Provided information
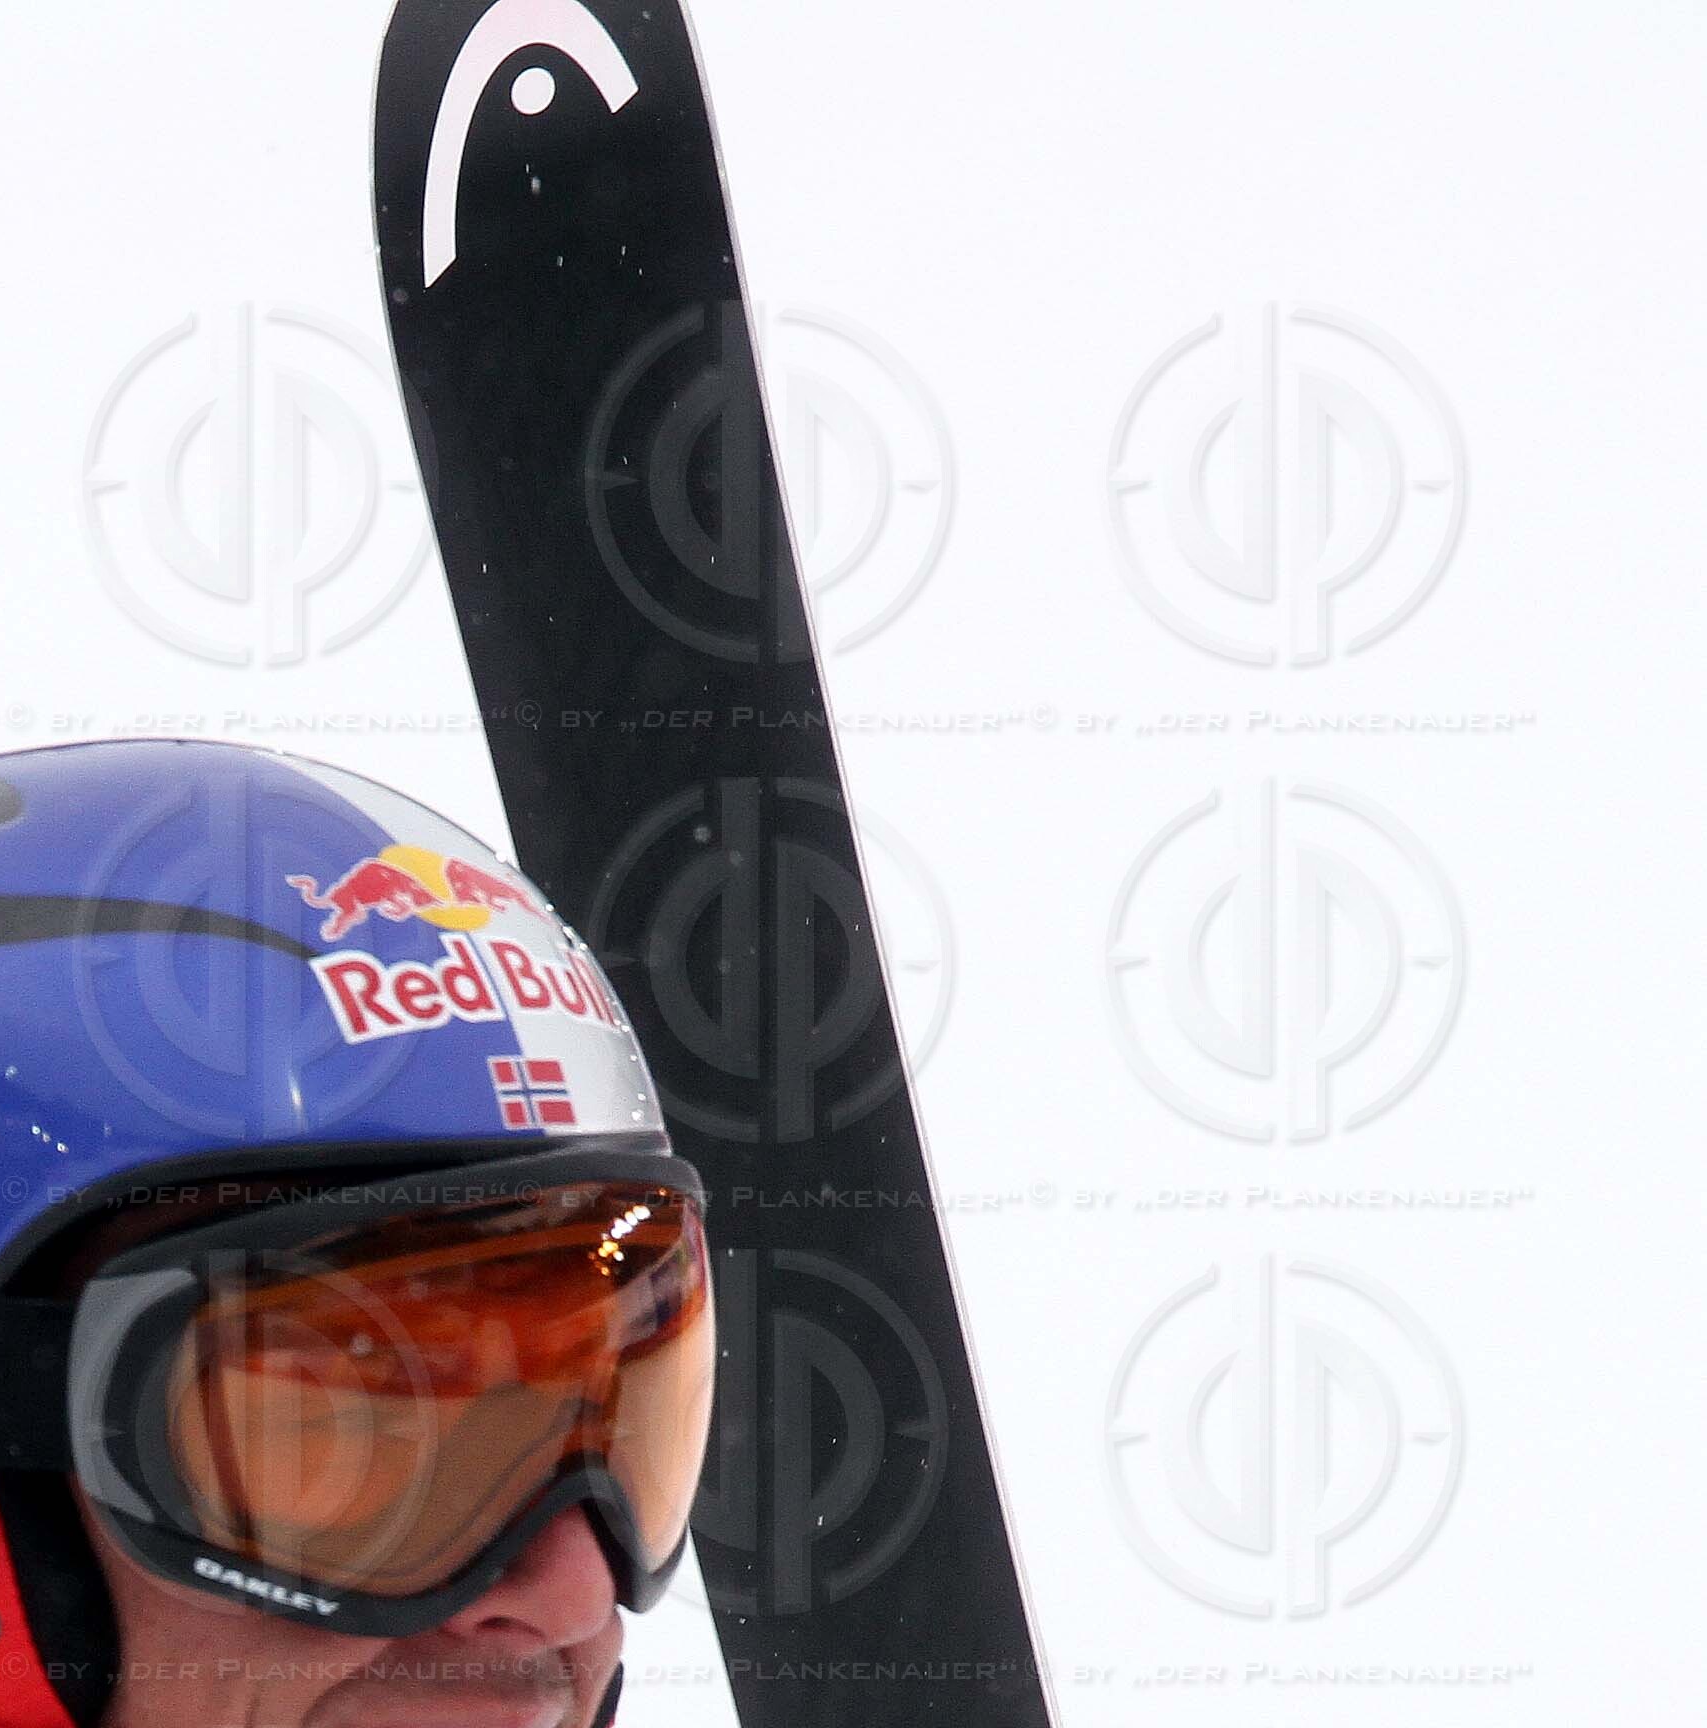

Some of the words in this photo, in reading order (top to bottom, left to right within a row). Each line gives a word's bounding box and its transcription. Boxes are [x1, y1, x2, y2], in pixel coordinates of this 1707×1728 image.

[321, 940, 495, 1034] Red
[495, 942, 616, 1025] Bull
[194, 1557, 341, 1616] OAKLEY
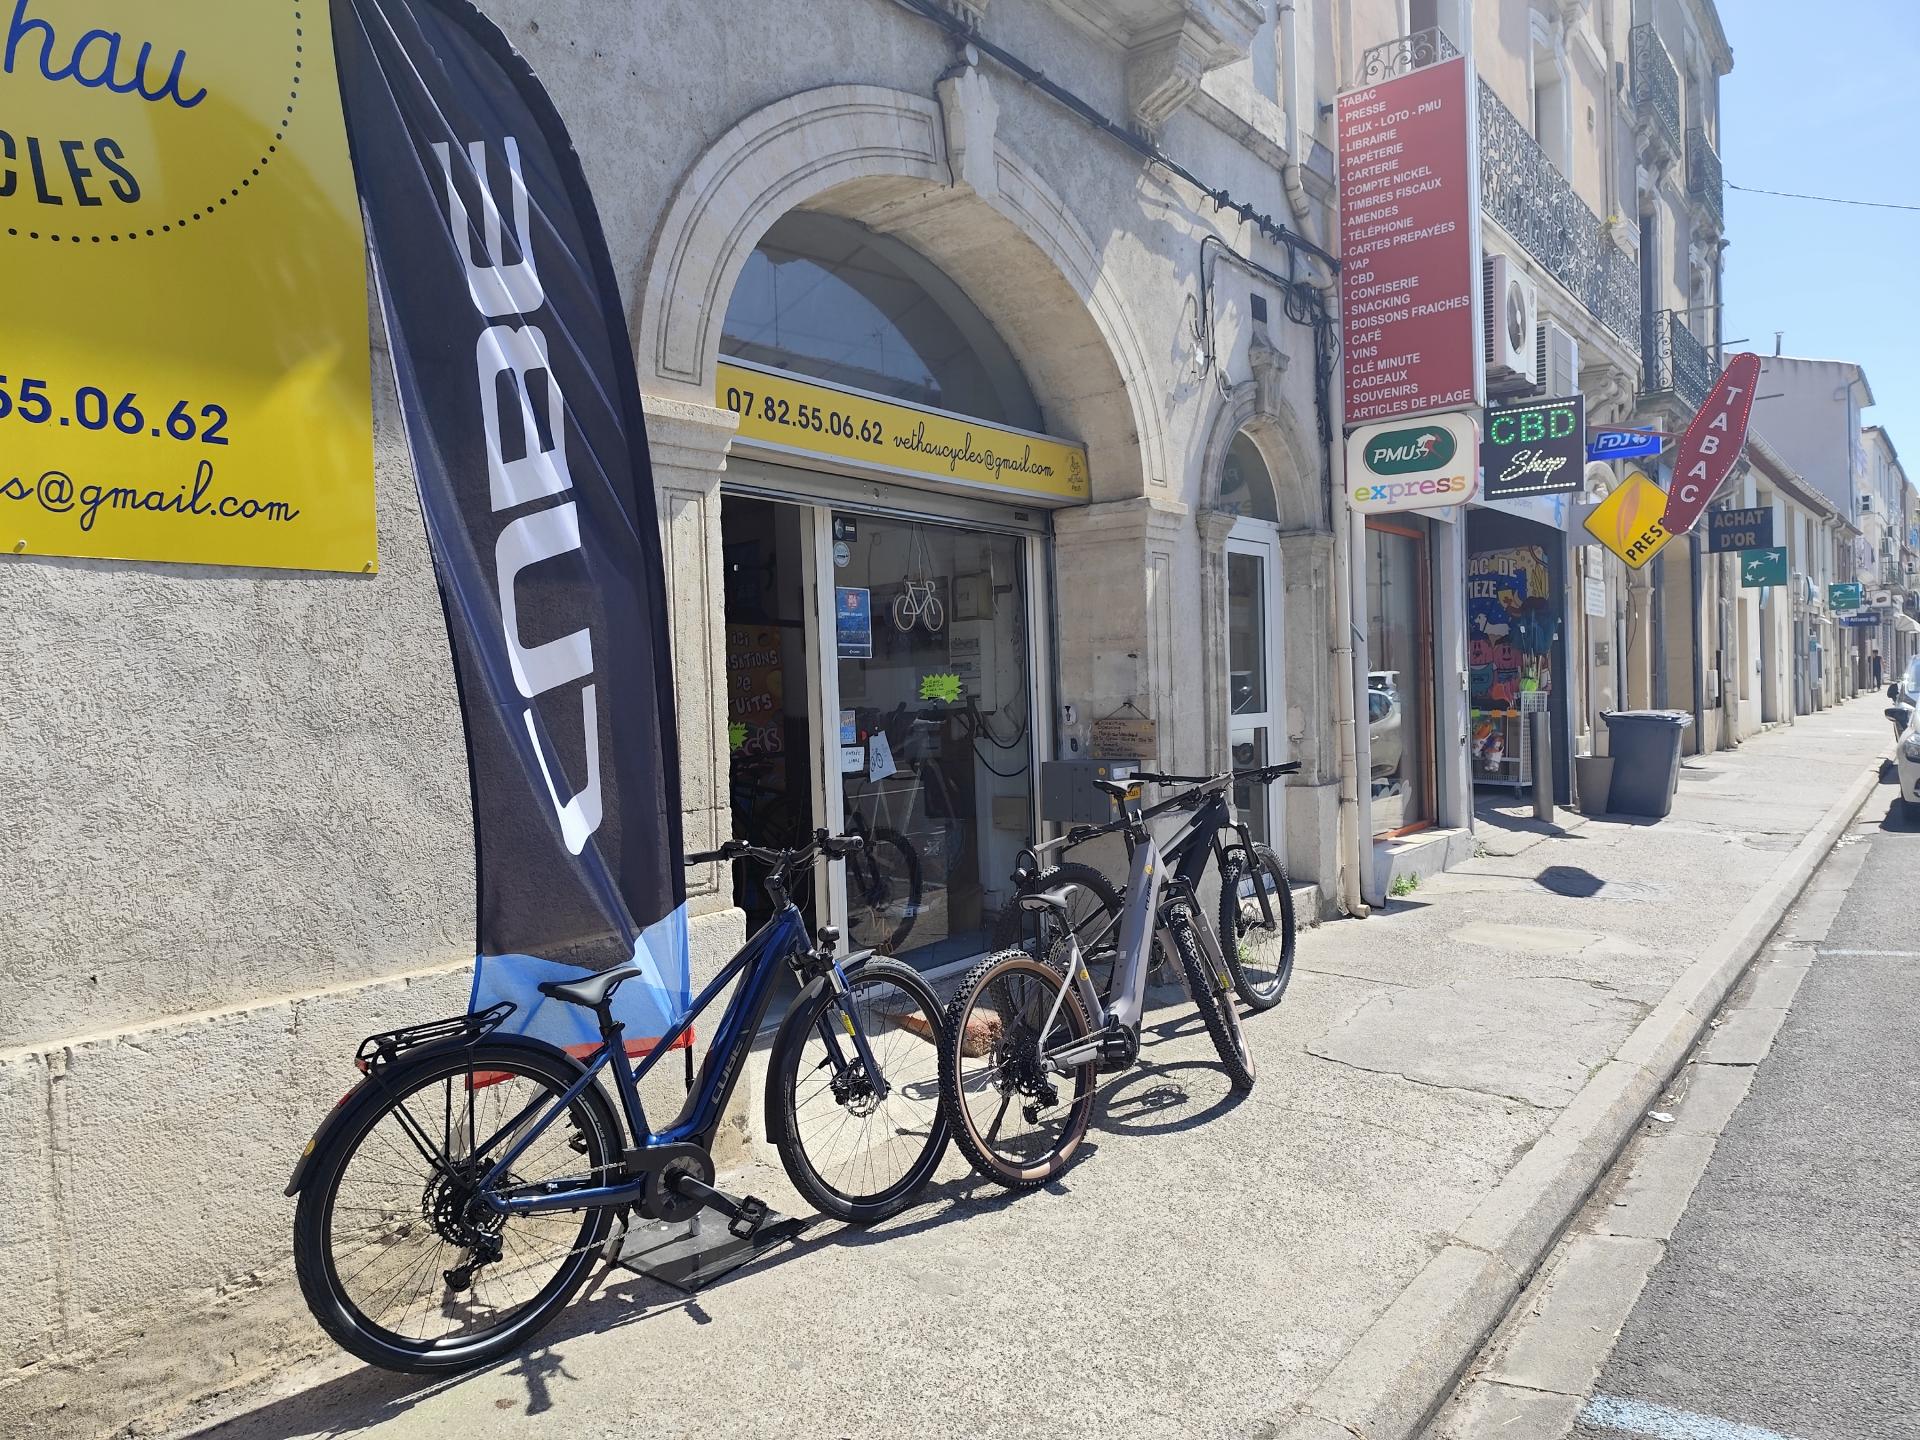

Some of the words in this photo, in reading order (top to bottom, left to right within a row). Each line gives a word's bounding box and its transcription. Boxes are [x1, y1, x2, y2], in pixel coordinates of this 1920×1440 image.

[1345, 101, 1387, 122] PRESSE
[1346, 121, 1373, 138] JEUX
[1381, 110, 1410, 126] LOTO
[1418, 99, 1442, 115] PMU
[1346, 128, 1398, 152] LIBRAIRIE
[1347, 158, 1399, 182] CARTERIE
[1348, 178, 1391, 197] COMPTE
[1394, 166, 1432, 184] NICKEL
[1348, 192, 1394, 212] TIMBRES
[1396, 178, 1442, 200] FISCAUX
[1348, 205, 1399, 227] AMENDES
[1350, 238, 1391, 257] CARTES
[1349, 258, 1370, 271] VAP
[1350, 272, 1375, 286] CBD
[1350, 276, 1420, 301] CONFISERIE
[1351, 293, 1411, 316] SNACKING
[1351, 309, 1409, 331] BOISSONS
[1412, 295, 1470, 318] FRAICHES
[1352, 328, 1382, 346] CAFÉ
[1352, 346, 1378, 360] VINS
[1352, 360, 1375, 375] CLÉ
[1378, 352, 1421, 371] MINUTE
[1352, 369, 1408, 390] CADEAUX
[1352, 400, 1408, 420] ARTICLES
[1411, 396, 1428, 409] DE
[1430, 388, 1472, 406] PLAGE
[1353, 383, 1419, 405] SOUVENIRS
[726, 387, 883, 445] 07.82.55.06.62
[893, 421, 1054, 480] vethaucycles@gmail.com
[1491, 408, 1576, 445] CBD
[1599, 432, 1632, 449] FDJ
[1680, 386, 1743, 503] TABAC
[1373, 442, 1416, 465] PMU
[1500, 449, 1568, 484] Shop
[431, 135, 603, 856] CUBE
[1354, 474, 1467, 504] express
[1714, 510, 1764, 528] ACHAT
[1721, 532, 1756, 548] D'OR
[1498, 559, 1517, 578] DE

To do
Return all records verbatim and drop the pictures.

Completed exercise
Some of the words in this photo, in reading order (top to bottom, left to right within a row). Each line gives a word's bounding box and its transcription. Boxes are [x1, y1, x2, y2], in pixel coordinates of this 1707×1728 image.

[321, 940, 495, 1034] Red
[495, 942, 616, 1025] Bull
[194, 1557, 341, 1616] OAKLEY

Some of the words in this photo, in reading order (top to bottom, left to right within a row). Each line gives a word's bounding box and its transcription. Boxes are [x1, y1, x2, y2], in pixel coordinates of this 1920×1440 image.

[1345, 101, 1387, 122] PRESSE
[1346, 121, 1373, 138] JEUX
[1381, 110, 1410, 126] LOTO
[1418, 99, 1442, 115] PMU
[1346, 128, 1398, 152] LIBRAIRIE
[1347, 158, 1399, 182] CARTERIE
[1348, 178, 1391, 197] COMPTE
[1394, 166, 1432, 184] NICKEL
[1348, 192, 1394, 212] TIMBRES
[1396, 178, 1442, 200] FISCAUX
[1348, 205, 1399, 227] AMENDES
[1350, 238, 1391, 257] CARTES
[1349, 258, 1370, 271] VAP
[1350, 272, 1375, 286] CBD
[1350, 276, 1420, 301] CONFISERIE
[1351, 293, 1411, 316] SNACKING
[1351, 309, 1409, 331] BOISSONS
[1412, 295, 1470, 318] FRAICHES
[1352, 328, 1382, 346] CAFÉ
[1352, 346, 1378, 360] VINS
[1352, 360, 1375, 375] CLÉ
[1378, 352, 1421, 371] MINUTE
[1352, 369, 1408, 390] CADEAUX
[1352, 400, 1408, 420] ARTICLES
[1411, 396, 1428, 409] DE
[1430, 388, 1472, 406] PLAGE
[1353, 383, 1419, 405] SOUVENIRS
[726, 387, 883, 445] 07.82.55.06.62
[893, 421, 1054, 480] vethaucycles@gmail.com
[1491, 408, 1576, 445] CBD
[1599, 432, 1632, 449] FDJ
[1680, 386, 1743, 503] TABAC
[1373, 442, 1416, 465] PMU
[1500, 449, 1568, 484] Shop
[431, 135, 603, 856] CUBE
[1354, 474, 1467, 504] express
[1714, 510, 1764, 528] ACHAT
[1721, 532, 1756, 548] D'OR
[1498, 559, 1517, 578] DE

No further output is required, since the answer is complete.